_TASK:_ Write the listing out again word for word. Pictures do not belong in the copy.
________
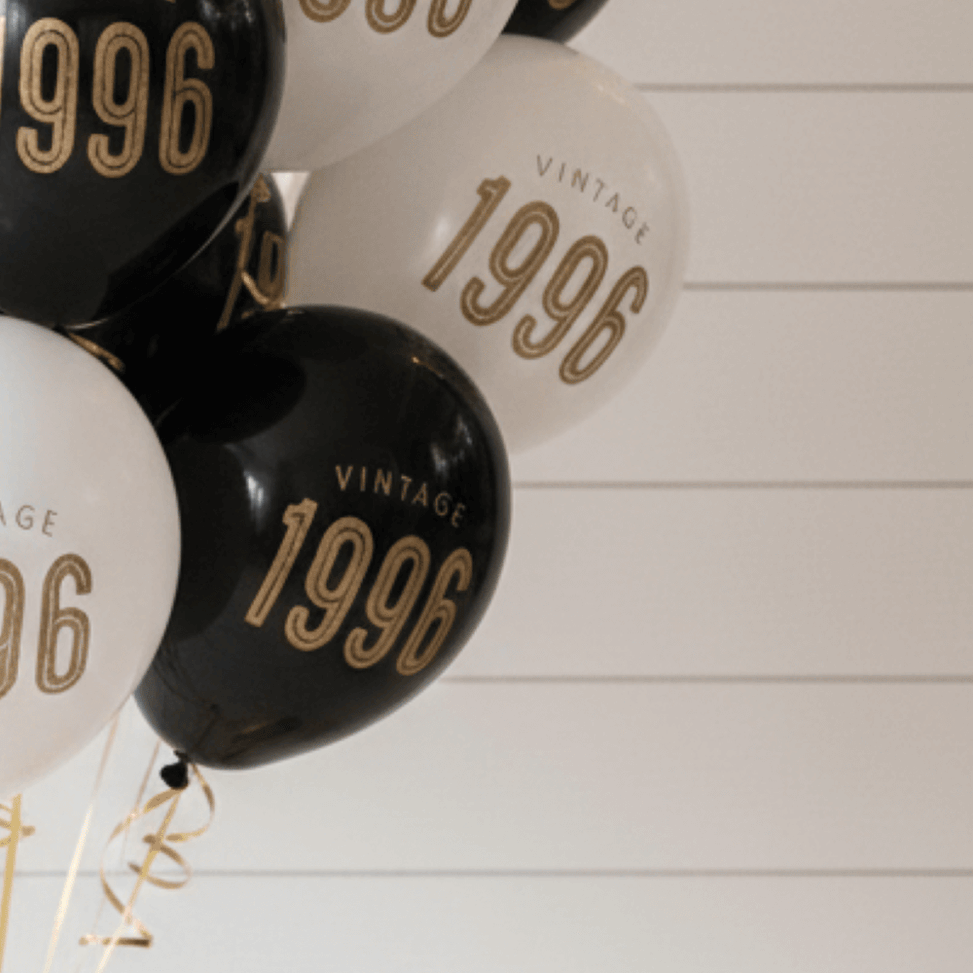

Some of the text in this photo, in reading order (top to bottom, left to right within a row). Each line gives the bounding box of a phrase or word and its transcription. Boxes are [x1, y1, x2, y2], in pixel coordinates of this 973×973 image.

[535, 154, 649, 246] VINTAGE
[422, 175, 648, 385] 1996
[336, 465, 467, 526] VINTAGE
[244, 498, 473, 676] 1996
________
_THE COMPLETED TASK:_
Some of the text in this photo, in reading order (top to bottom, left to right within a row). Each line gives the bounding box of a phrase or word and its transcription. Boxes are [x1, y1, x2, y2], in pixel coordinates of this 973×973 image.

[535, 154, 649, 246] VINTAGE
[422, 175, 648, 385] 1996
[336, 465, 467, 526] VINTAGE
[244, 498, 473, 676] 1996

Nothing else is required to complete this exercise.